▸ Provided records:

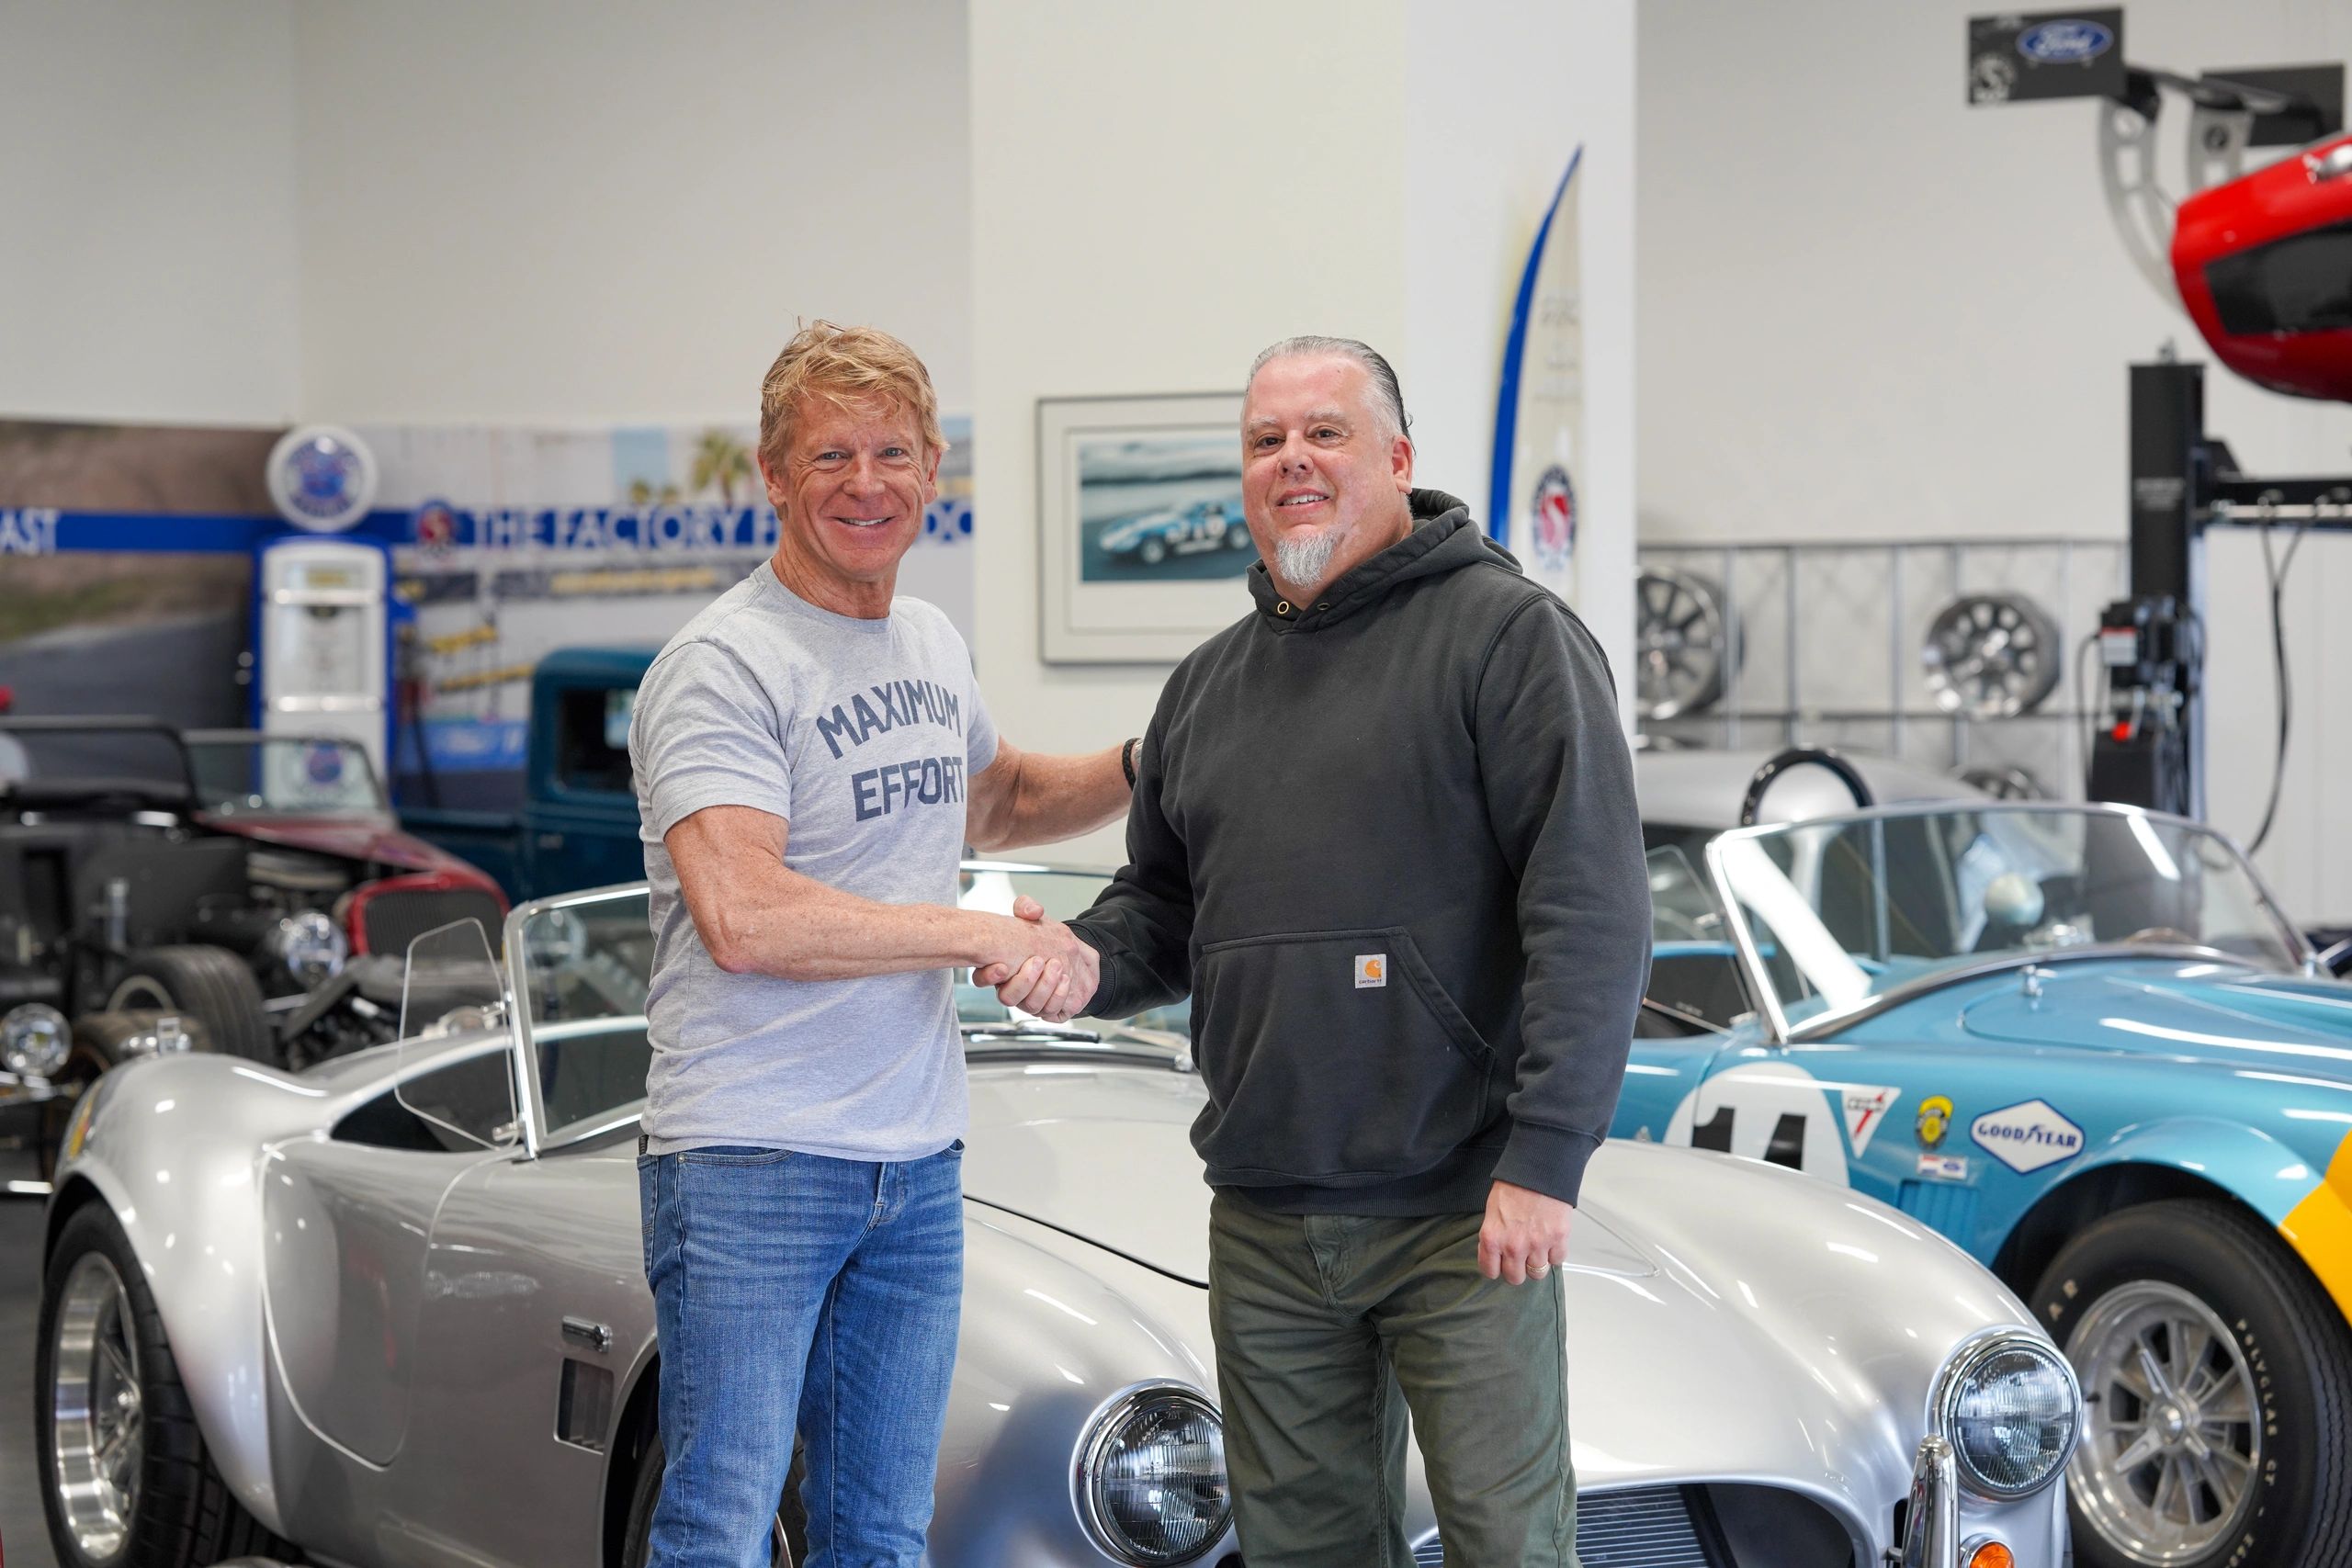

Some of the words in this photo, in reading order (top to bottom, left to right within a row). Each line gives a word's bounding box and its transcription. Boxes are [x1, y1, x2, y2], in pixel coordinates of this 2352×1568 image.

[468, 506, 548, 548] THE
[553, 504, 752, 548] FACTORY
[816, 679, 961, 760] MAXIMUM
[851, 757, 964, 822] EFFORT

▸ What is expected:
Please set down the records exactly, and keep every image out of the copy.

▸ Response to the task:
Some of the words in this photo, in reading order (top to bottom, left to right within a row). Each line gives a word's bounding box and its transcription. Boxes are [x1, y1, x2, y2], in pixel coordinates of this 2352×1568 image.

[468, 506, 548, 548] THE
[553, 504, 752, 548] FACTORY
[816, 679, 961, 760] MAXIMUM
[851, 757, 964, 822] EFFORT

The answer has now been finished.